— Your assignment —
For this item, repeat the material exactly while omitting its pictures.

---

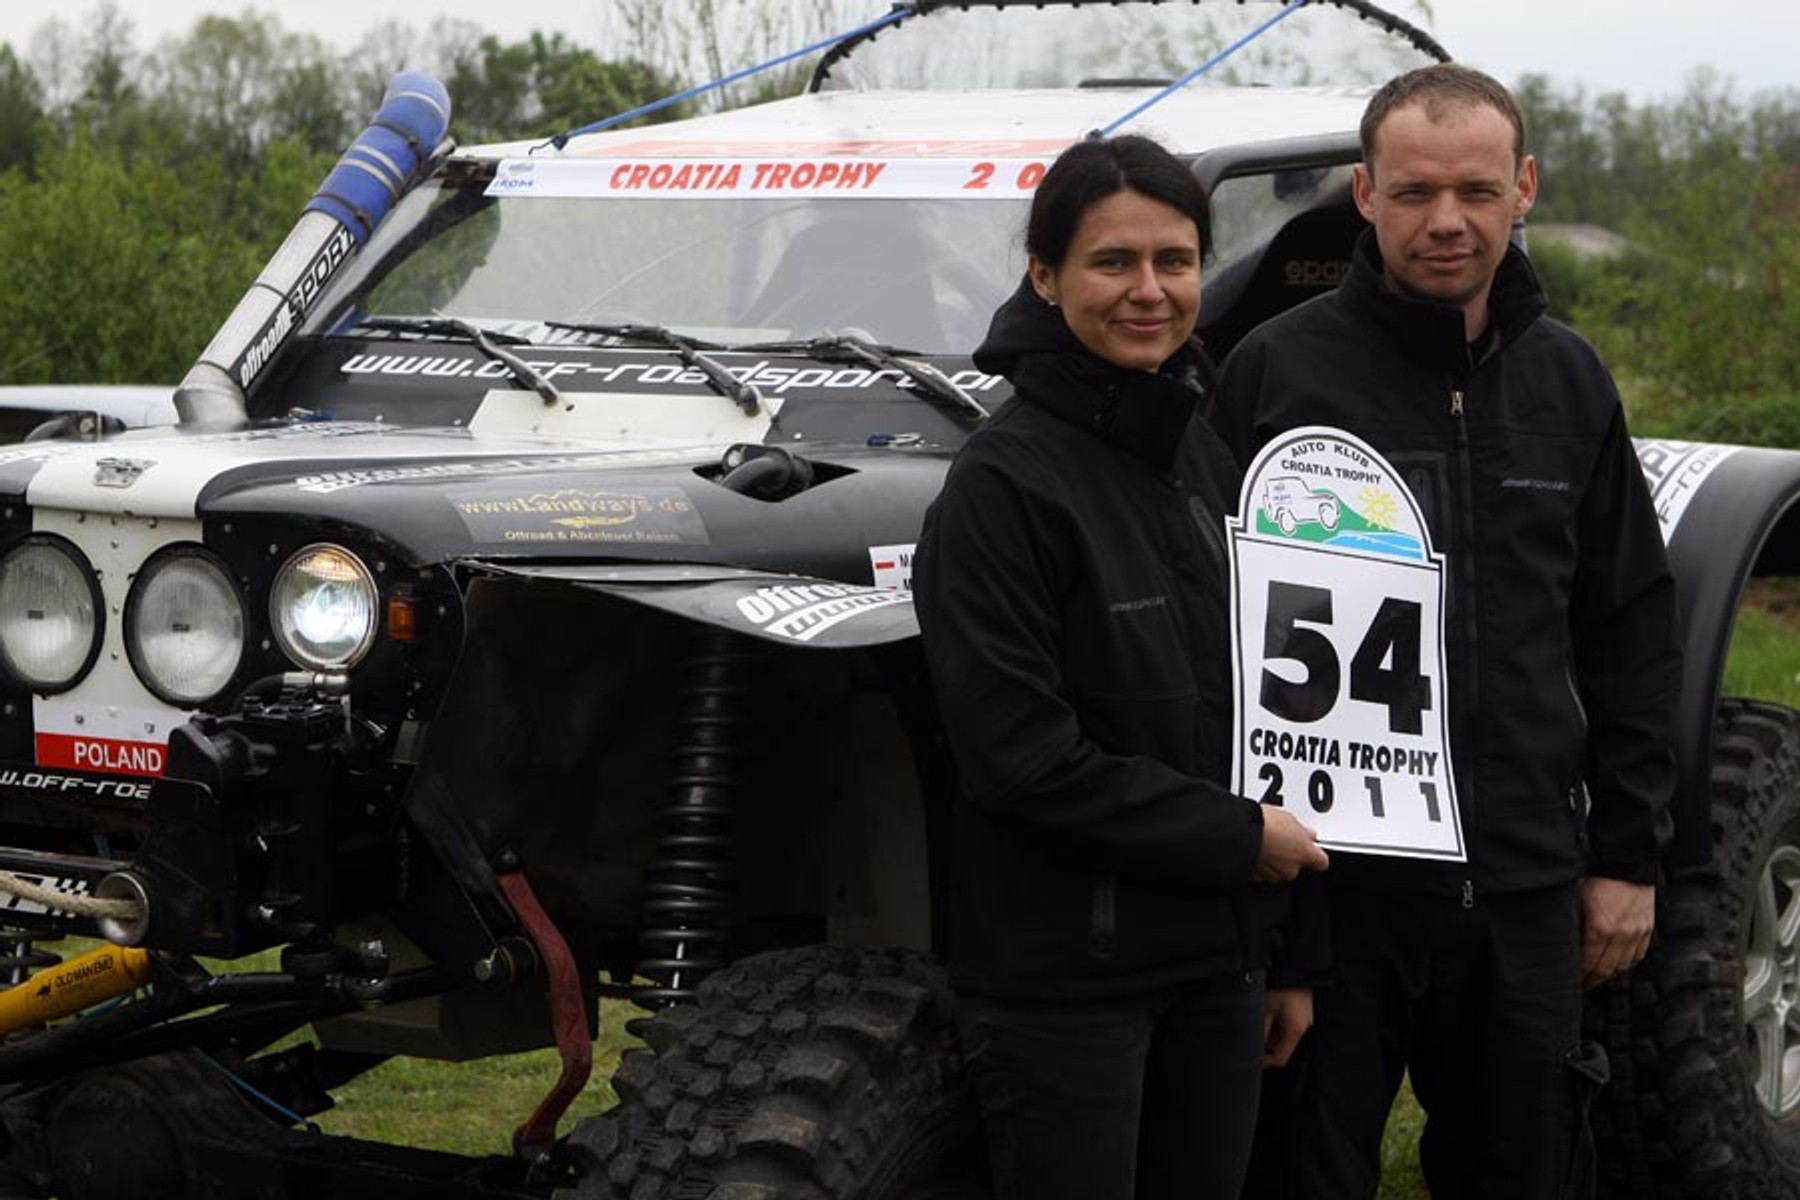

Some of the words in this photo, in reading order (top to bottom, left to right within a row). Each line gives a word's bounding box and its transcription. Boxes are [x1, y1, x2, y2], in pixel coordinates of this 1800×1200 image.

[609, 164, 742, 190] CROATIA
[750, 162, 886, 190] TROPHY
[1290, 442, 1325, 458] AUTO
[1334, 444, 1370, 468] KLUB
[1280, 459, 1332, 477] CROATIA
[1335, 468, 1381, 485] TROPHY
[1259, 579, 1433, 737] 54
[74, 741, 162, 772] POLAND
[1250, 728, 1341, 769] CROATIA
[1348, 742, 1439, 777] TROPHY
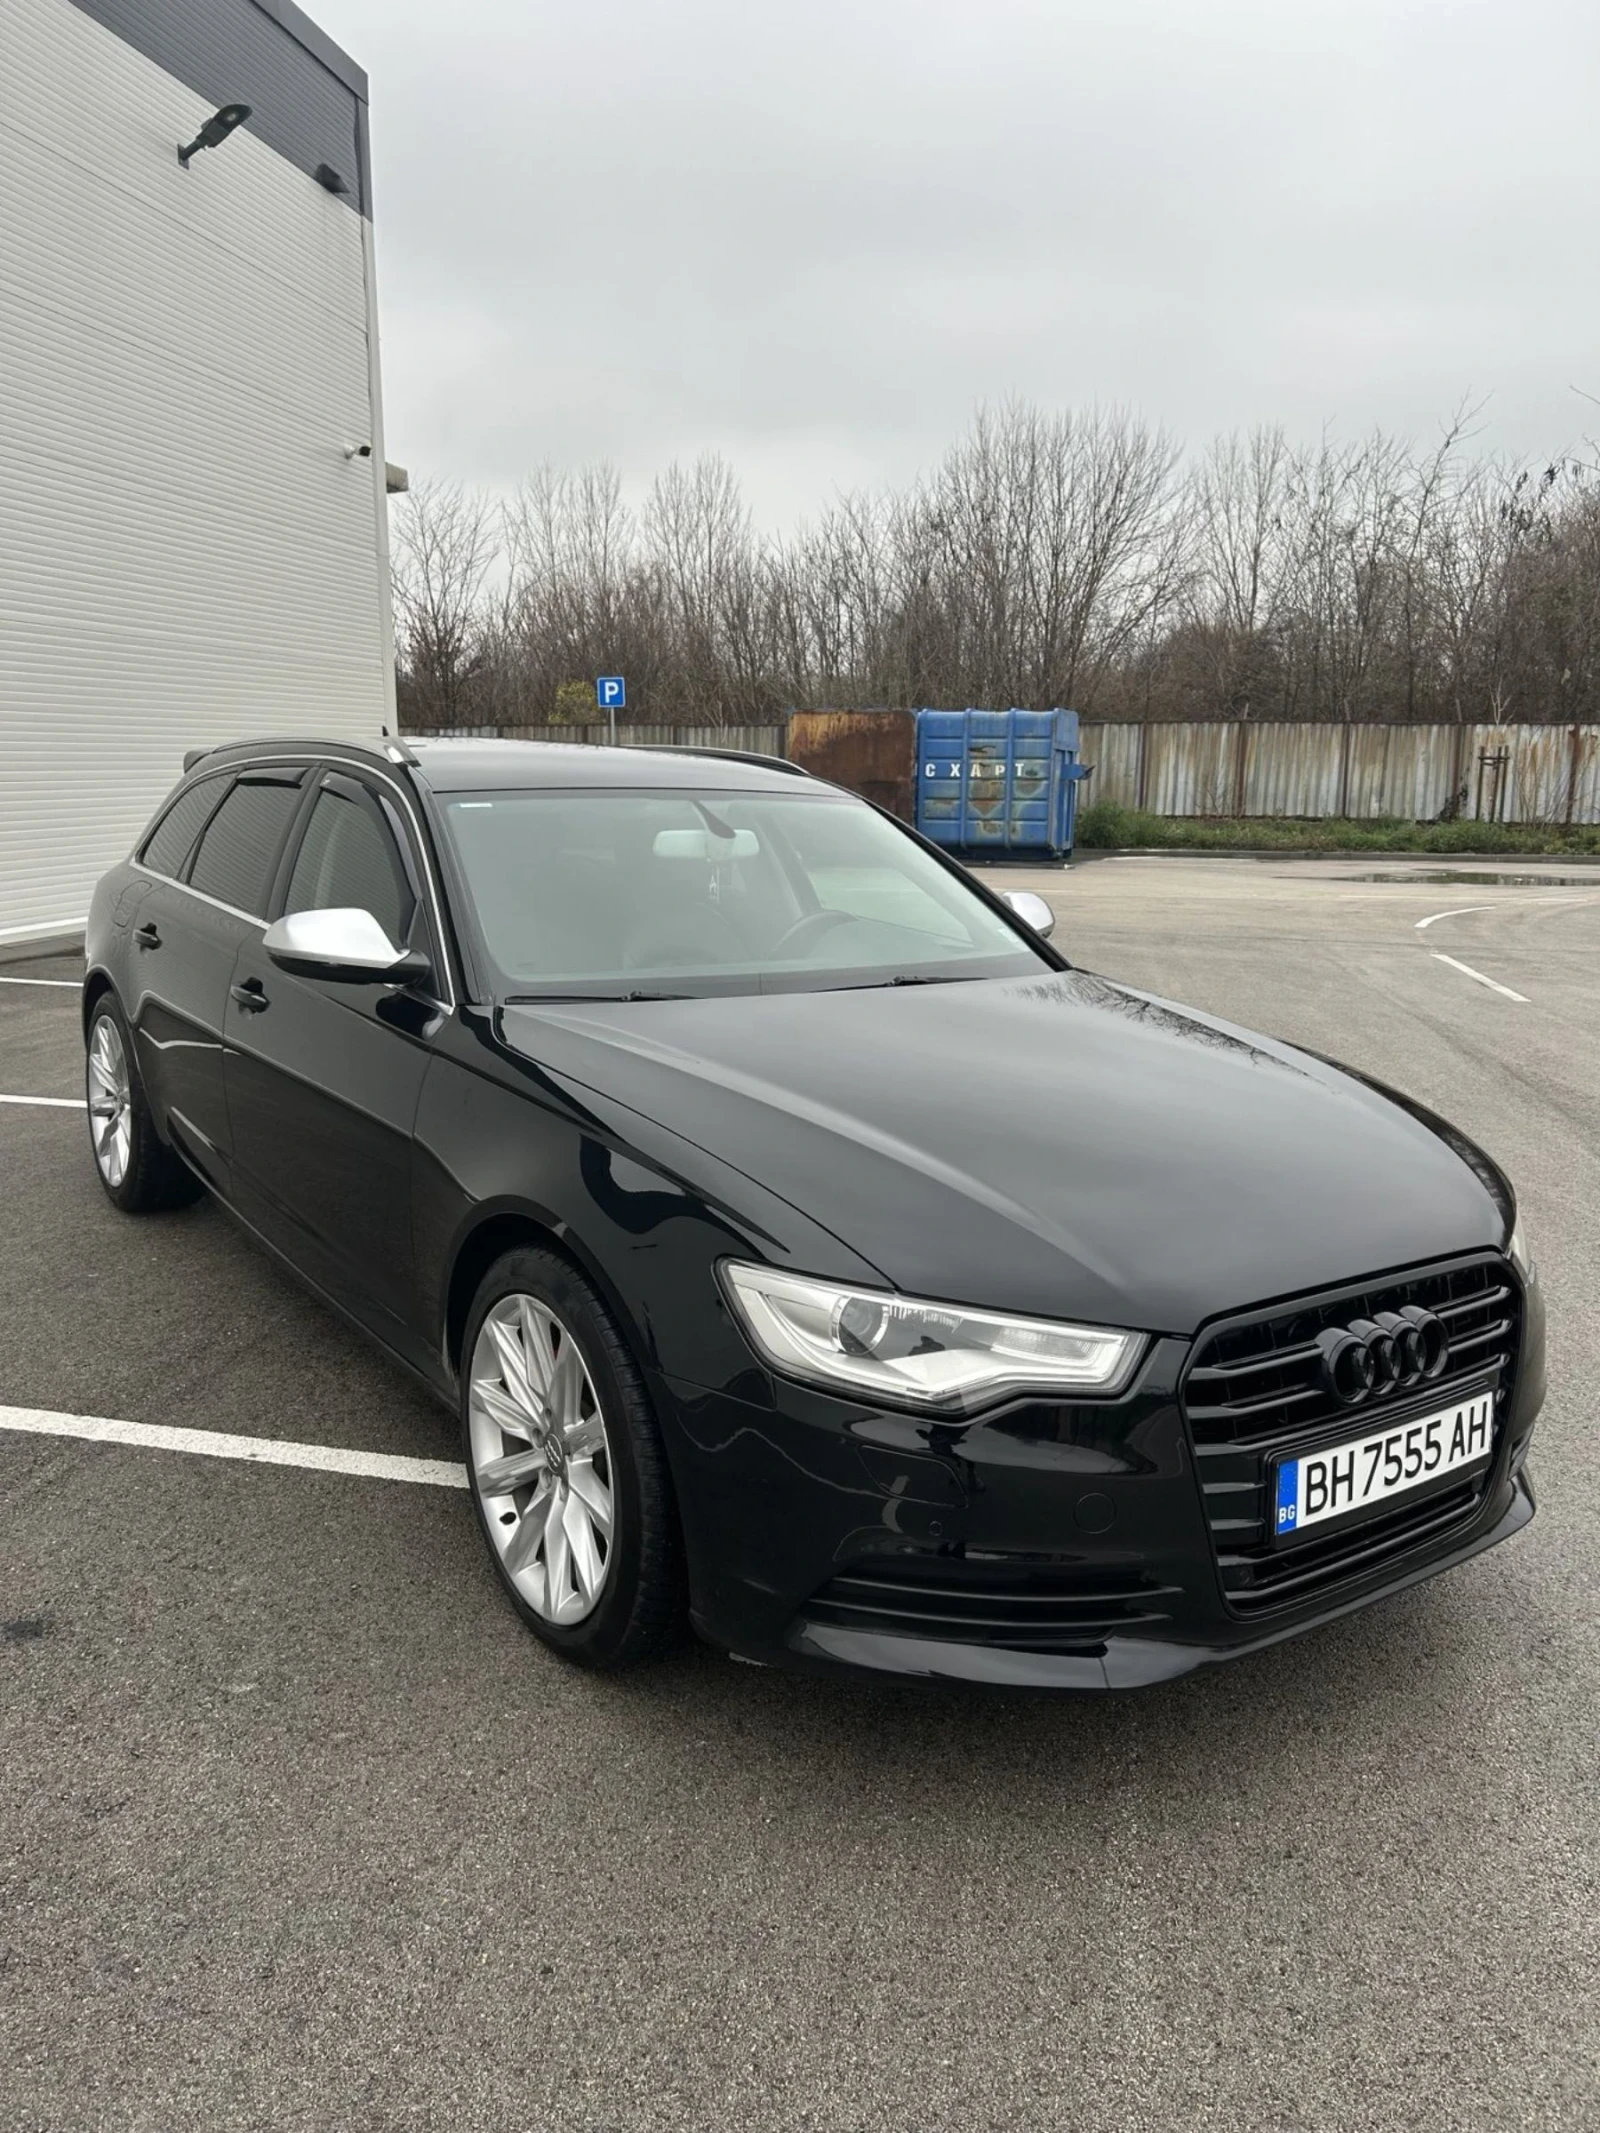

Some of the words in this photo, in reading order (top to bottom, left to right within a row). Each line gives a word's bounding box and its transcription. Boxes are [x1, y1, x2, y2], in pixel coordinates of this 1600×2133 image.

[604, 681, 619, 704] P
[1305, 1450, 1356, 1516] BH
[1362, 1419, 1442, 1497] 7555
[1448, 1401, 1488, 1463] AH
[1279, 1504, 1296, 1524] BG
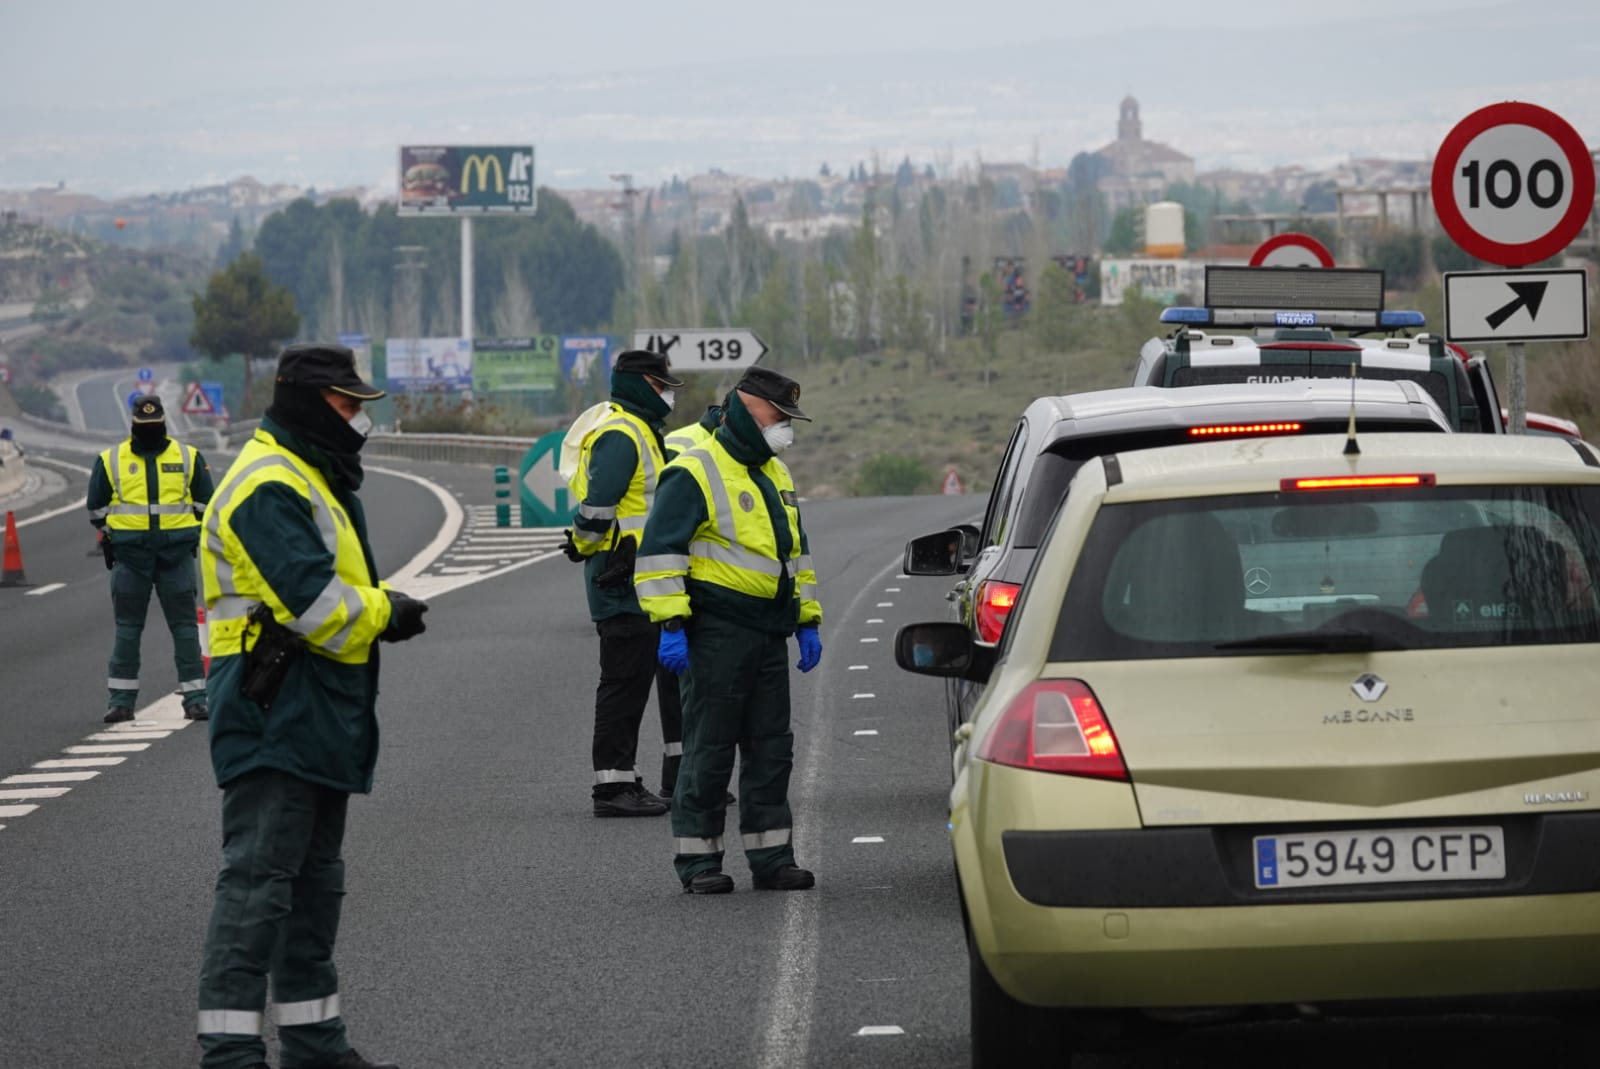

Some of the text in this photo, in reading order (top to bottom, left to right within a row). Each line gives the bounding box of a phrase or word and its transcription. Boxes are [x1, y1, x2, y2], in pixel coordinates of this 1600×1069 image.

[507, 184, 530, 202] 132
[1462, 159, 1564, 209] 100
[697, 339, 742, 361] 139
[1323, 708, 1414, 724] MEGANE
[1263, 833, 1493, 878] E 5949 CFP

---

— Solved exercise —
Some of the words in this photo, in reading order (top to bottom, left to right within a row). Each line gives a word's bounding box and its transcription. Boxes are [x1, y1, x2, y2], in pixel coordinates of this 1800×1200 image.

[609, 164, 742, 190] CROATIA
[750, 162, 886, 190] TROPHY
[1290, 442, 1325, 458] AUTO
[1334, 444, 1370, 468] KLUB
[1280, 459, 1332, 477] CROATIA
[1335, 468, 1381, 485] TROPHY
[1259, 579, 1433, 737] 54
[74, 741, 162, 772] POLAND
[1250, 728, 1341, 769] CROATIA
[1348, 742, 1439, 777] TROPHY

Some of the words in this photo, in reading order (top to bottom, left to right within a row). Each line gives a word's bounding box and its transcription. Boxes are [x1, y1, x2, y2], in pixel coordinates of this 1600×2133 image.

[604, 681, 619, 704] P
[1305, 1450, 1356, 1516] BH
[1362, 1419, 1442, 1497] 7555
[1448, 1401, 1488, 1463] AH
[1279, 1504, 1296, 1524] BG

Some of the text in this photo, in reading order (top to bottom, left to right within a row). Each line gives the bounding box of a phrase or word and its transcription. Boxes are [x1, y1, x2, y2], in pixel coordinates of this 1600×1069 image.

[507, 184, 530, 202] 132
[1462, 159, 1564, 209] 100
[697, 339, 742, 361] 139
[1323, 708, 1414, 724] MEGANE
[1263, 833, 1493, 878] E 5949 CFP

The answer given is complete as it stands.